**Records for this exercise**

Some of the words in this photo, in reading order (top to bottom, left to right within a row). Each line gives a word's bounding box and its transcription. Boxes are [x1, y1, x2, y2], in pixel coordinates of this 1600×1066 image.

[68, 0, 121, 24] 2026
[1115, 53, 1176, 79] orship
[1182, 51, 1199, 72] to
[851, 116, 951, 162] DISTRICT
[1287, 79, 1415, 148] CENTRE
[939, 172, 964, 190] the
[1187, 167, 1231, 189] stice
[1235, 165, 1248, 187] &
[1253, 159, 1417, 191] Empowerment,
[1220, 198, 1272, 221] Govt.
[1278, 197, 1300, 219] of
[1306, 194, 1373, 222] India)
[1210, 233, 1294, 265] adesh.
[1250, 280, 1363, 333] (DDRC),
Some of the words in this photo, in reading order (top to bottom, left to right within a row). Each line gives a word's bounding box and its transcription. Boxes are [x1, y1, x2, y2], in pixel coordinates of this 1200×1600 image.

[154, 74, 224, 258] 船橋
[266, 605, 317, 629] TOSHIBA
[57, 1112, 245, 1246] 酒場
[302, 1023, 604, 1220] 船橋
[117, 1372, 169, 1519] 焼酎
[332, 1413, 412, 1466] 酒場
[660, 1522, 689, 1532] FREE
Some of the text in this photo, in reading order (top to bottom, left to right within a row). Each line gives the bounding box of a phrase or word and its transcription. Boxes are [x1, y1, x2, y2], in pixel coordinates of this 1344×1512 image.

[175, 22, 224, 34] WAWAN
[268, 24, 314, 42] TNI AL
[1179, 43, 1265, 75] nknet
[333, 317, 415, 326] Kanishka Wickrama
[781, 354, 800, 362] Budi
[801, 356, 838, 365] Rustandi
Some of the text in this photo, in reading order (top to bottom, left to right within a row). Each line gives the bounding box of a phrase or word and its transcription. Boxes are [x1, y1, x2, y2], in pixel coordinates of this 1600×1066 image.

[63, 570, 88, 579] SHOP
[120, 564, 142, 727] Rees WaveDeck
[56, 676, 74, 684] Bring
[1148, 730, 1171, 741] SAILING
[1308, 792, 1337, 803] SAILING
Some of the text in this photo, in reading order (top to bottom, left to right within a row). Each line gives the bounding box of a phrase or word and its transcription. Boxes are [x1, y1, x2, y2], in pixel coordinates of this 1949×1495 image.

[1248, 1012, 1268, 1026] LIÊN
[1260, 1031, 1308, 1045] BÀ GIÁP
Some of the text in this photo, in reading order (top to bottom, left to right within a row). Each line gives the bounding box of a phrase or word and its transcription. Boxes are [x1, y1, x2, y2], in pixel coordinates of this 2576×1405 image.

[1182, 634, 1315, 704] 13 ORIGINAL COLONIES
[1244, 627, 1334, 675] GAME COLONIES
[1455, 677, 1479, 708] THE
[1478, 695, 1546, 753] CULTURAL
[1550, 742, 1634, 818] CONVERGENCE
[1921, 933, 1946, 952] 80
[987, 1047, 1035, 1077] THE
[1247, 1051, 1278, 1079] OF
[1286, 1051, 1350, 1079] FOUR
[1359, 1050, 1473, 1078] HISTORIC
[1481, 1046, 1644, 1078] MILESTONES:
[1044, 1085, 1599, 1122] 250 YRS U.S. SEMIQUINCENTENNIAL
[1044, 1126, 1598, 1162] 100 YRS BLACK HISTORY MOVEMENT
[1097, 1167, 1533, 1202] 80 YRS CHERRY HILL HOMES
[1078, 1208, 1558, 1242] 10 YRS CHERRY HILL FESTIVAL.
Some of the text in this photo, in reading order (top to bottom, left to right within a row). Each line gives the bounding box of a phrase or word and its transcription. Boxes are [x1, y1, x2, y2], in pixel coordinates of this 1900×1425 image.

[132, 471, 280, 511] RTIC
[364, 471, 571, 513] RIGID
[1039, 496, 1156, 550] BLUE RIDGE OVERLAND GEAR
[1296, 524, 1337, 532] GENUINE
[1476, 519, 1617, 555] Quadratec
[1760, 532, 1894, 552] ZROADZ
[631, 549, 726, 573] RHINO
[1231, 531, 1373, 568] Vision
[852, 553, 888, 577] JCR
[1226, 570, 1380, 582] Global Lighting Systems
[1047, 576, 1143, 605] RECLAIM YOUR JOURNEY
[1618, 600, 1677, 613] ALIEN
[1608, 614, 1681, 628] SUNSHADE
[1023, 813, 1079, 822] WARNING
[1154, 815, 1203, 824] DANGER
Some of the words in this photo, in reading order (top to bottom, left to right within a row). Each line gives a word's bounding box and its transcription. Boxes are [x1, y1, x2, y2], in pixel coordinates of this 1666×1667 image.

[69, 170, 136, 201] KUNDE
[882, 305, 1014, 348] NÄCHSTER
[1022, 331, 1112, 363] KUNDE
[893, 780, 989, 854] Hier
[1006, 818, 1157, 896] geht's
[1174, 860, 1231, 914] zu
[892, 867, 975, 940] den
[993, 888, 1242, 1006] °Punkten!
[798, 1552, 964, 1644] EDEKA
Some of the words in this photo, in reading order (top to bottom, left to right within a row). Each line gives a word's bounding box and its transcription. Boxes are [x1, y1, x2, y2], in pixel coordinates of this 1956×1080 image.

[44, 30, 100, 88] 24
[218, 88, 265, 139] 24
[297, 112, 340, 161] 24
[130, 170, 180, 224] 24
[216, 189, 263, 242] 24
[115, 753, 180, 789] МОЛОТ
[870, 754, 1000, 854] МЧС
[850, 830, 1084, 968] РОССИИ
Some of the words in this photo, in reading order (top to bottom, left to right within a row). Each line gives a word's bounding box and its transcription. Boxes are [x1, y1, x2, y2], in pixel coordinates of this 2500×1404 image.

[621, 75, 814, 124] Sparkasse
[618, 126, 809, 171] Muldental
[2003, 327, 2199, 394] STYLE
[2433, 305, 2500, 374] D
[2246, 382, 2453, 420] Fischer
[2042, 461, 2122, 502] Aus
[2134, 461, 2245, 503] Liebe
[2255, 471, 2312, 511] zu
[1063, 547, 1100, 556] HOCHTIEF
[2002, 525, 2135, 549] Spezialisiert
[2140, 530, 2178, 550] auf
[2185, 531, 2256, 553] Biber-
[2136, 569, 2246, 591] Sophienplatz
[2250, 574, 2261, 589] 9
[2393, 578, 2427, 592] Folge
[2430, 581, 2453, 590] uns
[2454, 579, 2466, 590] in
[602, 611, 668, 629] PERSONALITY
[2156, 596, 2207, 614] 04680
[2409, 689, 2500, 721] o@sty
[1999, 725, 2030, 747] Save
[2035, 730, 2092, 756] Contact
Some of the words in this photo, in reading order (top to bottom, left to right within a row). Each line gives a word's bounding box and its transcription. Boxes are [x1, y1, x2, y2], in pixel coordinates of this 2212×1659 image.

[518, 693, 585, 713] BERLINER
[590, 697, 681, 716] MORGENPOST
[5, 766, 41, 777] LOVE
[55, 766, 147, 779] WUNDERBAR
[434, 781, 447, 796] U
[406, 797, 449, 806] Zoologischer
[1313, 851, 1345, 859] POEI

**Description of the task**
Give back exactly the lines from the one that contains "this 2212×1659 image." to the end of the data above, both of those lines included.

**Problem solution**
Some of the words in this photo, in reading order (top to bottom, left to right within a row). Each line gives a word's bounding box and its transcription. Boxes are [x1, y1, x2, y2], in pixel coordinates of this 2212×1659 image.

[518, 693, 585, 713] BERLINER
[590, 697, 681, 716] MORGENPOST
[5, 766, 41, 777] LOVE
[55, 766, 147, 779] WUNDERBAR
[434, 781, 447, 796] U
[406, 797, 449, 806] Zoologischer
[1313, 851, 1345, 859] POEI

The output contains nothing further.